Input
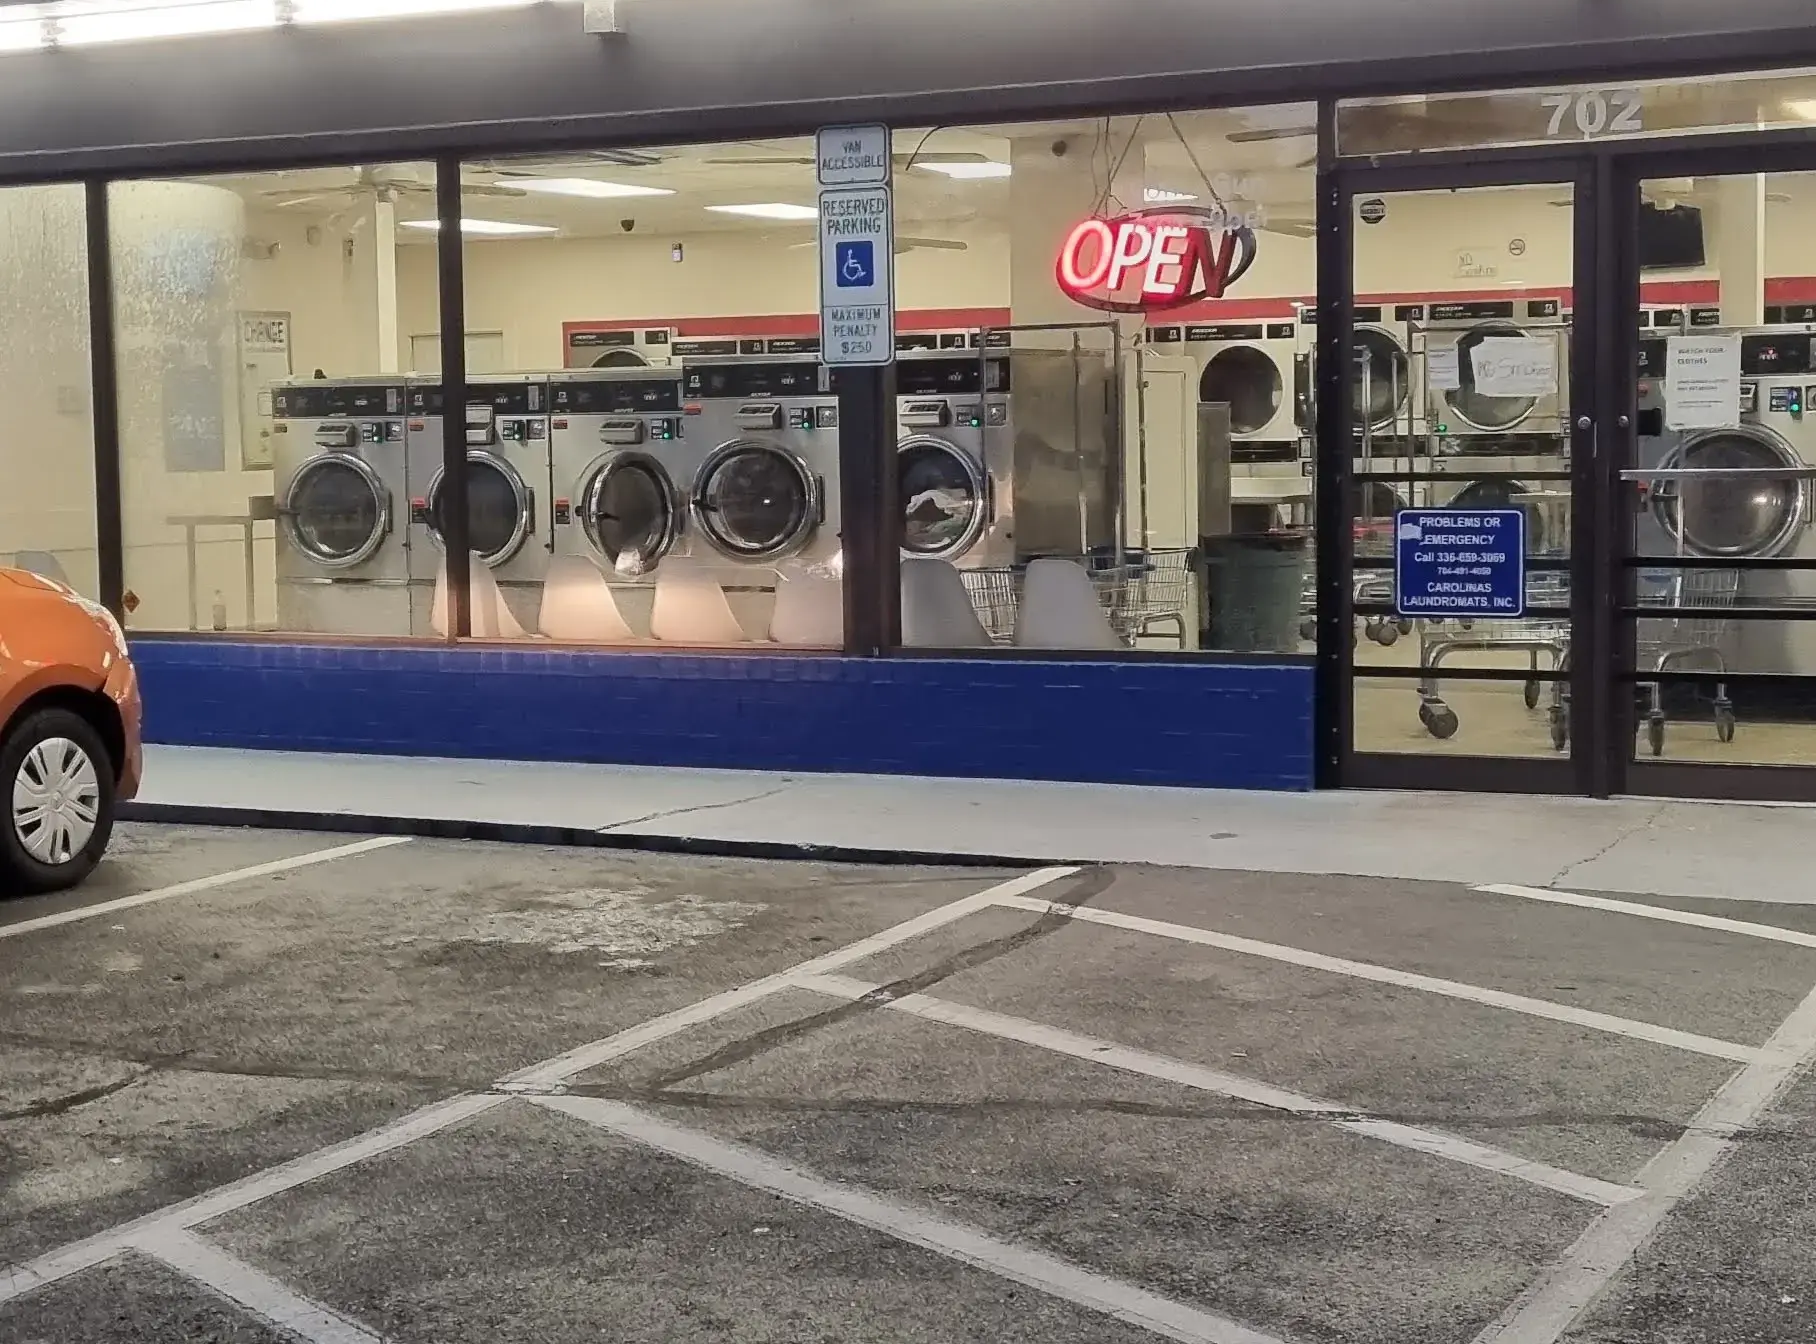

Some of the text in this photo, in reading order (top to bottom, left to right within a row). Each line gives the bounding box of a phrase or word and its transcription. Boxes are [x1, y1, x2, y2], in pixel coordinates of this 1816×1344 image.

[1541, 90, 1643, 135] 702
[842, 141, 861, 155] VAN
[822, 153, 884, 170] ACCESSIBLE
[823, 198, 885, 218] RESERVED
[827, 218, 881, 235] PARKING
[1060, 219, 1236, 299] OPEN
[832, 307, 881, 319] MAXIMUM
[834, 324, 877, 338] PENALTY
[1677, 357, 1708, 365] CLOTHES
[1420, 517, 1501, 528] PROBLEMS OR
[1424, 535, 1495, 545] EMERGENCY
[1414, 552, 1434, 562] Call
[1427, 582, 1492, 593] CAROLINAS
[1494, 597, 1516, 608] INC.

---

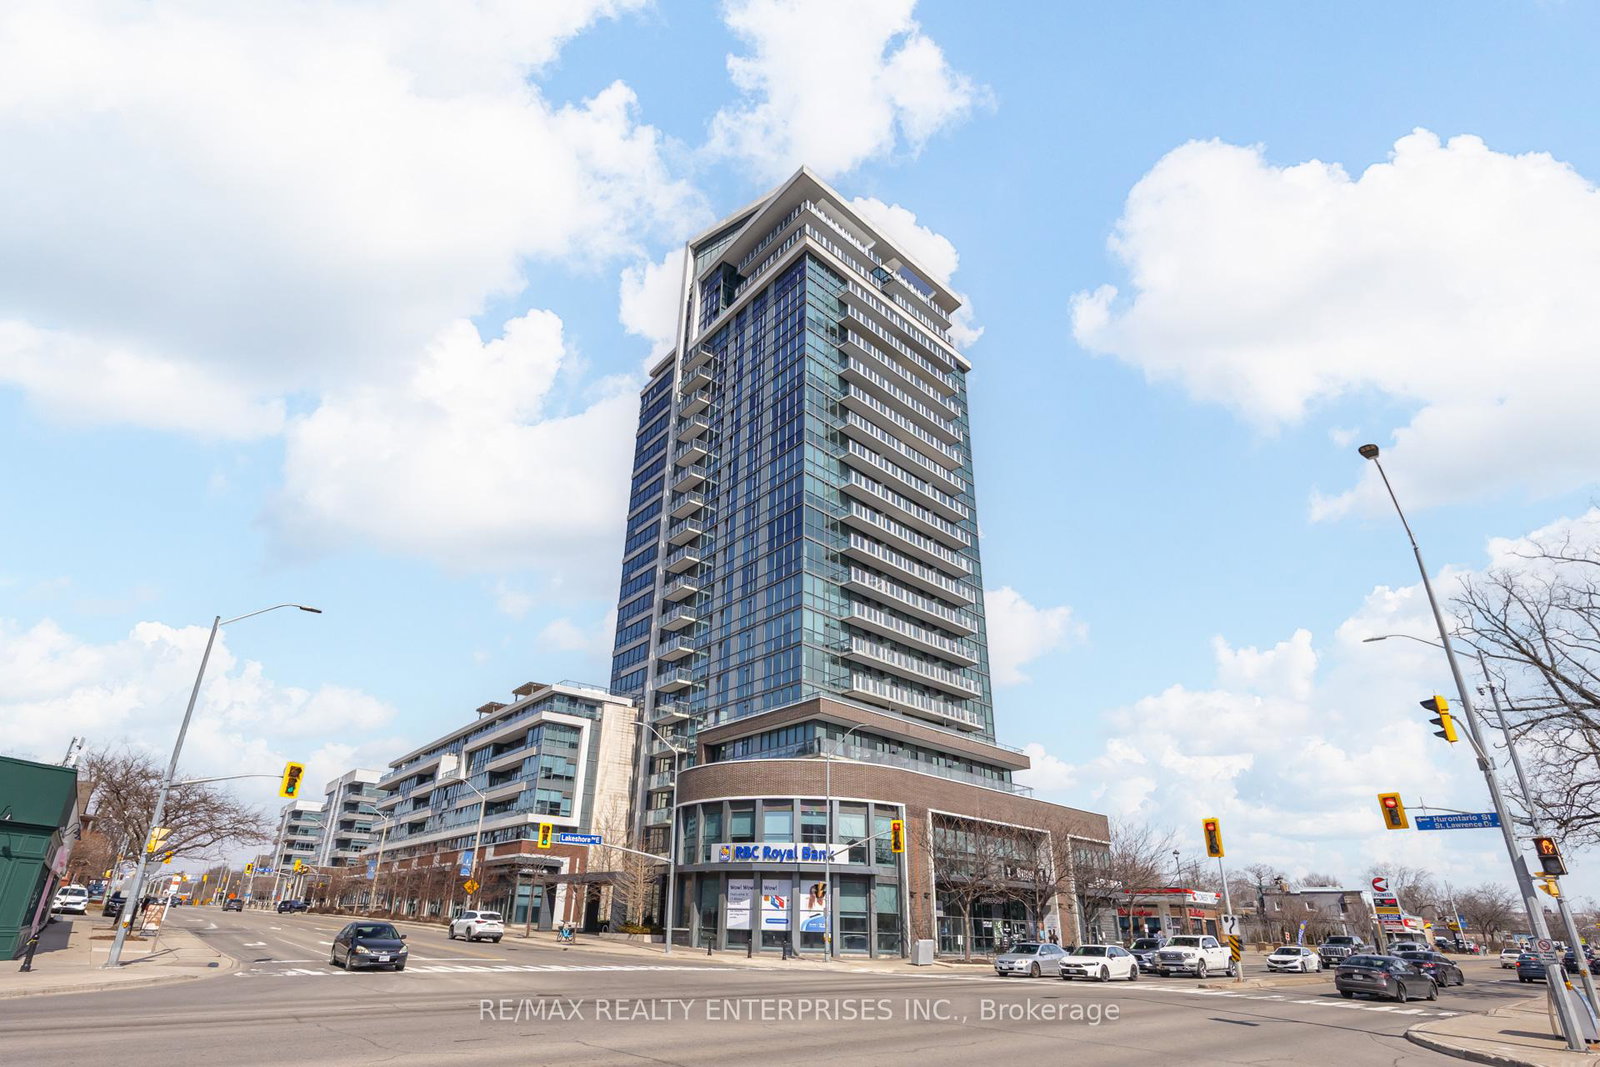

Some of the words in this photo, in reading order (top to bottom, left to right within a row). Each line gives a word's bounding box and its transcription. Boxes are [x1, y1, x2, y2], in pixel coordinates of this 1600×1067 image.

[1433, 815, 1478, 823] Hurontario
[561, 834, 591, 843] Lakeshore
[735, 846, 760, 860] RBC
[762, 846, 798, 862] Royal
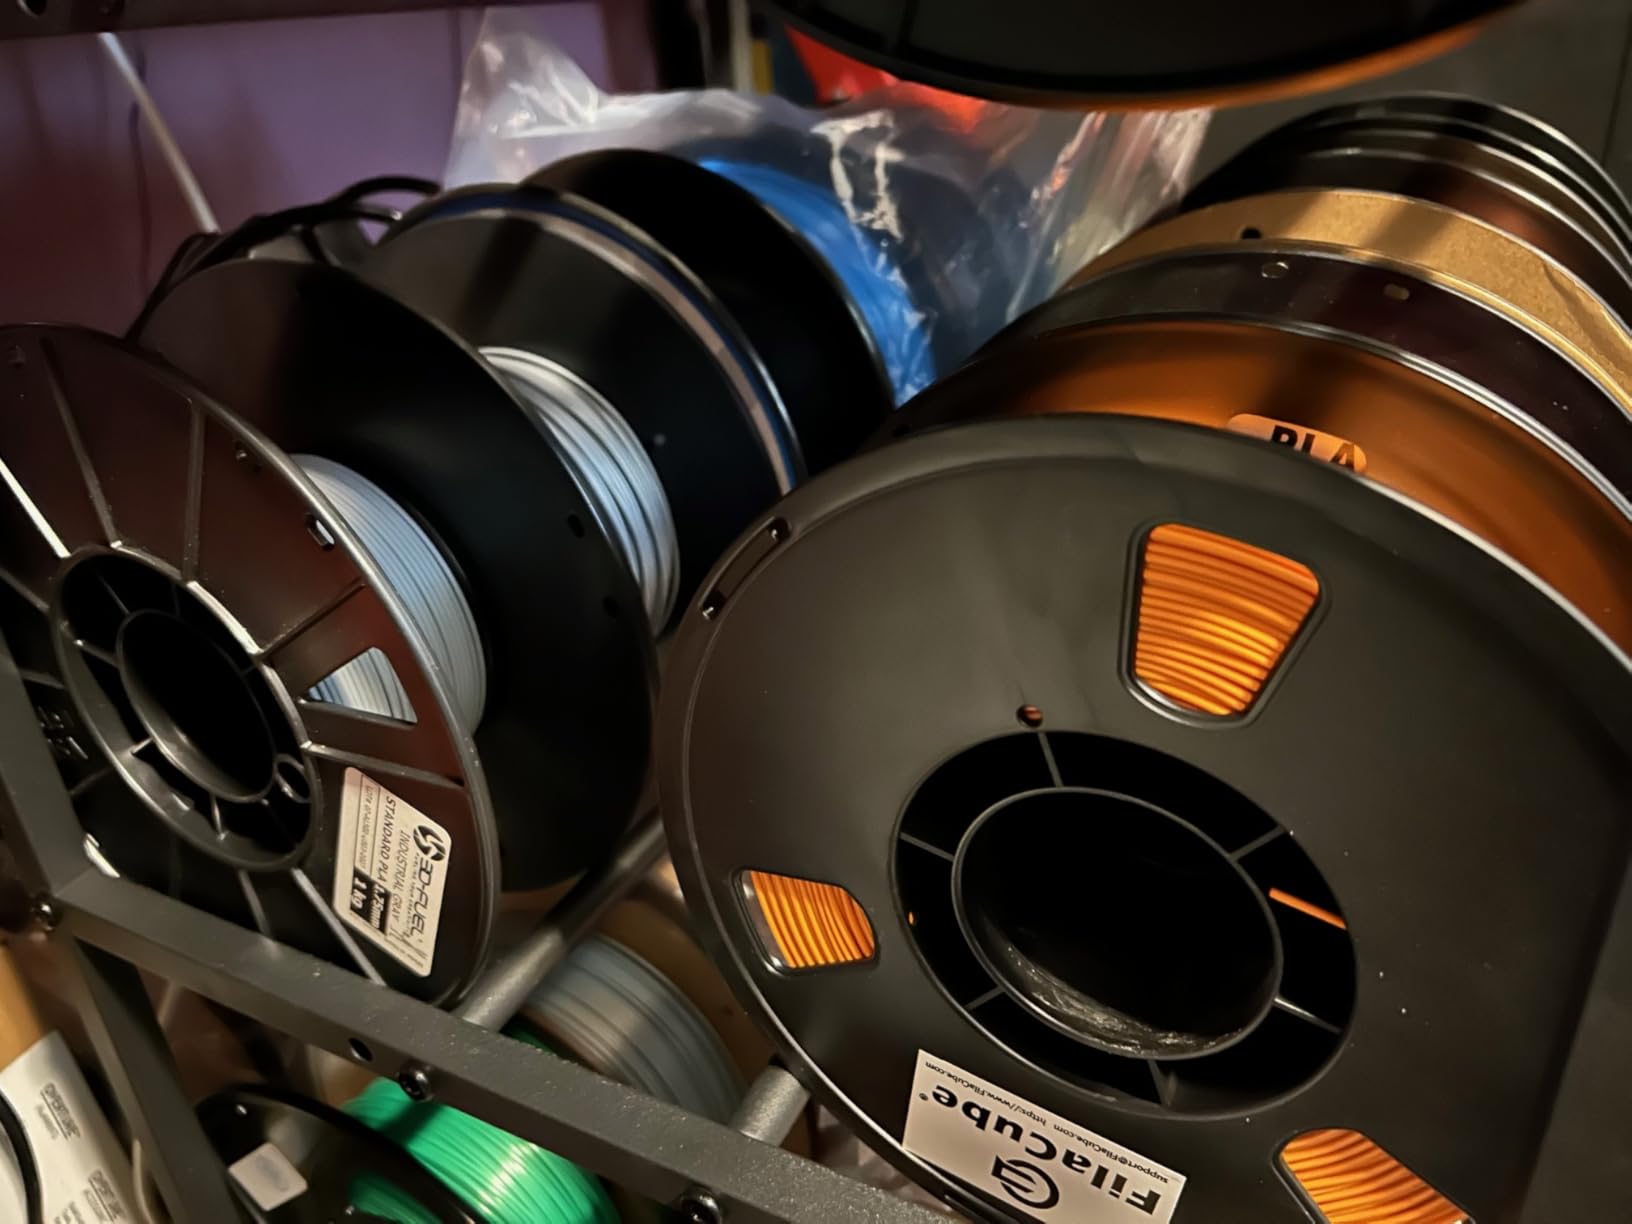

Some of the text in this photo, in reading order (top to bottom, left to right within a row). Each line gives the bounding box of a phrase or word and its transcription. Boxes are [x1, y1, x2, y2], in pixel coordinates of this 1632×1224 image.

What to work on
In the entries above, find the line containing "Some of the words" and the line containing "this 1632×1224 image.", then copy both and every line between them exactly, without any picture.

Written response
Some of the words in this photo, in reading order (top to bottom, left to right within a row). Each line gives a word's bounding box and its transcription. Boxes are [x1, y1, x2, y2], in pixel coordinates of this 1600×1067 image.

[1433, 815, 1478, 823] Hurontario
[561, 834, 591, 843] Lakeshore
[735, 846, 760, 860] RBC
[762, 846, 798, 862] Royal

Some of the text in this photo, in reading order (top to bottom, left to right within a row). Each line gives the bounding box of a phrase or word and its transcription. Boxes are [x1, y1, x2, y2], in pixel coordinates of this 1632×1224 image.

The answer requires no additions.